Start of Data extract
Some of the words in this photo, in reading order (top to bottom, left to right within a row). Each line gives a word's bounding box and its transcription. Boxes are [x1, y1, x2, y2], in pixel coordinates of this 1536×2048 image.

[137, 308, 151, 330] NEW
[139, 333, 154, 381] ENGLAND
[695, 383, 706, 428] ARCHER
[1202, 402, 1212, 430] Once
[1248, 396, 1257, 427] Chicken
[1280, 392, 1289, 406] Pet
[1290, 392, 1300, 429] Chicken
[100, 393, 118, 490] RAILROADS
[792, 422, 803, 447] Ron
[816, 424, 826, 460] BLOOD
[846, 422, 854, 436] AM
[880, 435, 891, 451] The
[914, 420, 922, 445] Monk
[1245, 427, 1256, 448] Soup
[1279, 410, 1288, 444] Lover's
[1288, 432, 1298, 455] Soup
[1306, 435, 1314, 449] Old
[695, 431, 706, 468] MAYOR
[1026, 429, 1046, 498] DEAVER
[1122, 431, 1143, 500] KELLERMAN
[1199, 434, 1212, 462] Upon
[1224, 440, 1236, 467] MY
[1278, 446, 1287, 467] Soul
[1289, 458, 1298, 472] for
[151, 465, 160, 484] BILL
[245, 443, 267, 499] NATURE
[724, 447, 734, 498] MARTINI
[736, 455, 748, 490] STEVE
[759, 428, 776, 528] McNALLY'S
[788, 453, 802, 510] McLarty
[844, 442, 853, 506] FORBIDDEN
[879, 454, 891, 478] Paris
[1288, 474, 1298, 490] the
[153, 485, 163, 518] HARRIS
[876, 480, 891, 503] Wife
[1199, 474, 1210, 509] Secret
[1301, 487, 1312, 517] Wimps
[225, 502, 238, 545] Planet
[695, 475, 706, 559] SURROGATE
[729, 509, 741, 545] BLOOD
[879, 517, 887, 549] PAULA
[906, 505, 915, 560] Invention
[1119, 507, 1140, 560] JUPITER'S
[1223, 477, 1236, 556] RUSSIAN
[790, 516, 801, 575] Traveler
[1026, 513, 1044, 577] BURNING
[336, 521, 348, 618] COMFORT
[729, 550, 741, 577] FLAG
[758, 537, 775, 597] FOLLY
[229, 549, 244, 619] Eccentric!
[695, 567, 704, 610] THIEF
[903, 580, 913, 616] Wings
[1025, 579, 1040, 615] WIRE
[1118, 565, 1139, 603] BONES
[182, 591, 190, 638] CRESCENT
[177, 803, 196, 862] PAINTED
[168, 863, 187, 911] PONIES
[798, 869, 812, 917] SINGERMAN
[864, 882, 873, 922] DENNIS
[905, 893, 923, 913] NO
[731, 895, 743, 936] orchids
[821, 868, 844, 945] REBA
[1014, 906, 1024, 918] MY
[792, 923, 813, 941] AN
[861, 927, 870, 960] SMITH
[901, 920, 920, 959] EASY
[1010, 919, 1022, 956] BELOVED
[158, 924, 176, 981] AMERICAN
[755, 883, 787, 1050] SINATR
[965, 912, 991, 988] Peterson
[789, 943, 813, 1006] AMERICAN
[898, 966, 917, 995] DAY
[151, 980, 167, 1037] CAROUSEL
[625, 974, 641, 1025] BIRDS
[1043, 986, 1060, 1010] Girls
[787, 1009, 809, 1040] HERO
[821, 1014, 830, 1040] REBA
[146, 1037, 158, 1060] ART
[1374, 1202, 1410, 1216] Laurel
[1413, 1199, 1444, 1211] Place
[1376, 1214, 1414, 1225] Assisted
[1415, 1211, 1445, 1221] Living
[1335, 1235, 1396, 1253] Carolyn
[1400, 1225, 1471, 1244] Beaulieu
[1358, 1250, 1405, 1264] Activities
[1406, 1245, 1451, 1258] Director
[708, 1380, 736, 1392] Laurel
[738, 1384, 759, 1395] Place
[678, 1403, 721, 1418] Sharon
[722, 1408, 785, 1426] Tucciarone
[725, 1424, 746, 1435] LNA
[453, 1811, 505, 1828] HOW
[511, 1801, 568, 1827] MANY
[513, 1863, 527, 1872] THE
End of Data extract
Task details:
Filter the entries down to the lines that include the string "AMERICAN".

Finished exercise:
[158, 924, 176, 981] AMERICAN
[789, 943, 813, 1006] AMERICAN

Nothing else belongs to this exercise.